|I can't even talk about how good this shrimp & grits was at Screen Door.|
When I went camping a couple weeks ago, my friends and I found ourselves in a fit of provision-induced euphoria brought on by the rather spectacular picnic we were gorging ourselves on.
We propped ourselves up on a large flat rock by the lake that had been baked in the sun (we made sure to lay down a couple towels so as not to fry our delicate bottoms) and unleashed a festival of cheeses, meats, bread, avocado, salads, chips, hummus, olives – oh hell, the works.
And as we ate, we couldn’t help shrieking with pure, unabashed glee as that summer sun glowed across our skin and the juice of a perfectly ripe white nectarine ran down our chins.

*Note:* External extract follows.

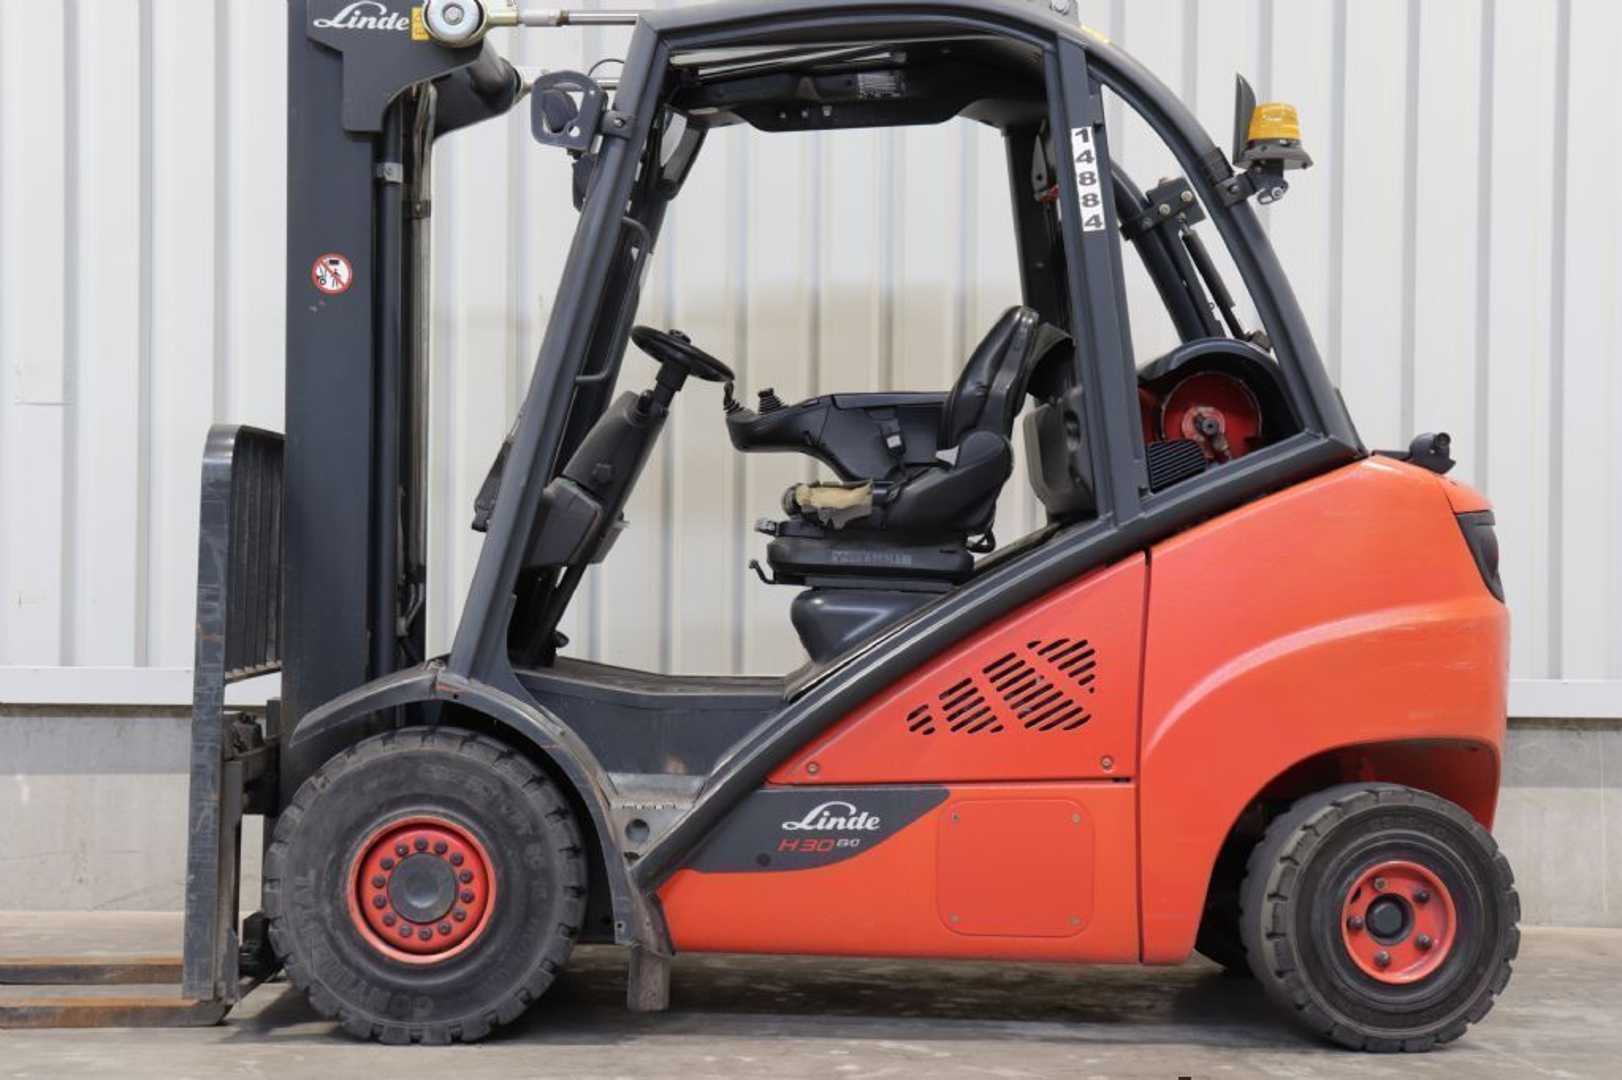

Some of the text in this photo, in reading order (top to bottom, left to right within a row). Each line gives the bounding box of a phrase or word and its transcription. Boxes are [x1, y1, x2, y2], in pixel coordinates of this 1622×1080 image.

[313, 0, 410, 31] Linde
[1074, 128, 1103, 229] 14884
[781, 801, 881, 831] Linde
[777, 838, 834, 852] H30

We were elated by the simple joy of eating good food with good people.
And that got us thinking…
Why do we beat ourselves up so much about what we eat? Why do we look at food as a painful but necessary act of staying alive, worrying about every calorie, every gram of fat potentially headed for our hips? Could it be that when we see the negative effects of eating on our bodies it might actually be in part due to the negative emotions we fuel that consumption with?
Hear me out…
What might happen if we treated our food, our meals, like the life-giving event they were meant to be? Why not, instead of looking at that wedge of cheese as the enemy destined to tip the scale one pound beyond our goal weight, we looked at it as the fruit of someone’s calling in life? Someone spent time raising those cows, milking them, crafting that piece of havarti so that it was something special to make your meal not just a meal, but a festival of harvest and enjoyment!

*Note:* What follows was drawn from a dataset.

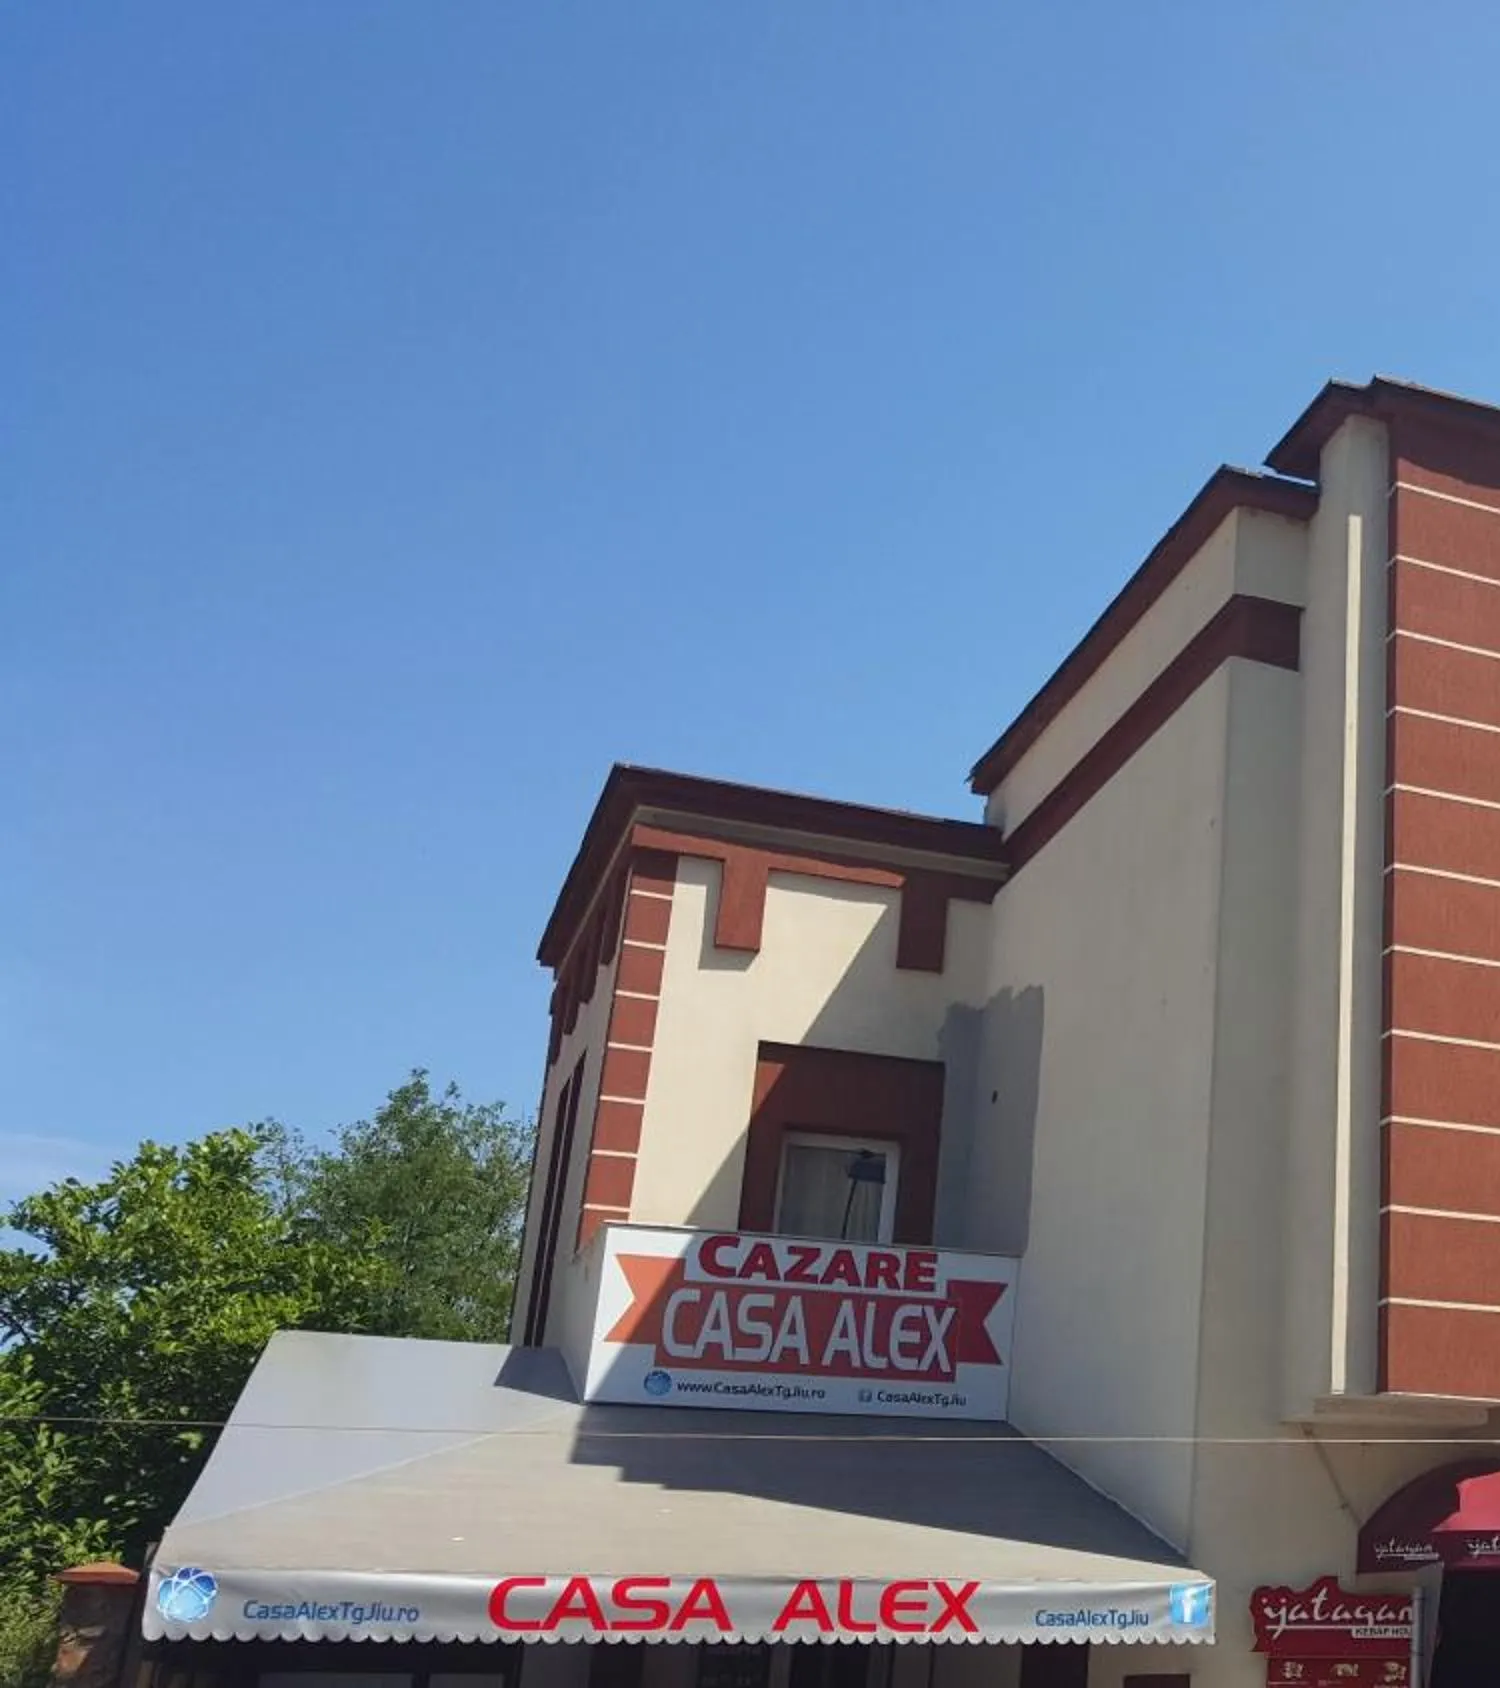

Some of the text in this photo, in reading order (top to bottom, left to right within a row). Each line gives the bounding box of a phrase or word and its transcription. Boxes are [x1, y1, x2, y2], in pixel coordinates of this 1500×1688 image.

And flying in the face of that, all we’re concerned about is the damage it will do to our figure?
Now I'm just as guilty of this as anyone else. If I’ve been “bad” and I feel my clothes fitting a little snugger because I didn’t turn down that last bite of croissant ("bite" here meaning the whole thing and probably half of another while I was at it because really, if you’re going down, you may as well go WAY down) I start the mental addition, tallying up the snack here and the nip there. Yes. I'm extremely guilty of this attitude toward my food. So is Mari, who actually has reason to be weary of certain foods because her body will literally reject it and cause eventual detriment to her health if she’s not careful.
But as we sat there, enjoying a pieced-together lunch and washing it down with a cold beer, we decided collectively to change that mindset. We decided to treat our food as the incredible gift that it is and celebrate it accordingly – even if it was just a sandwich on the go.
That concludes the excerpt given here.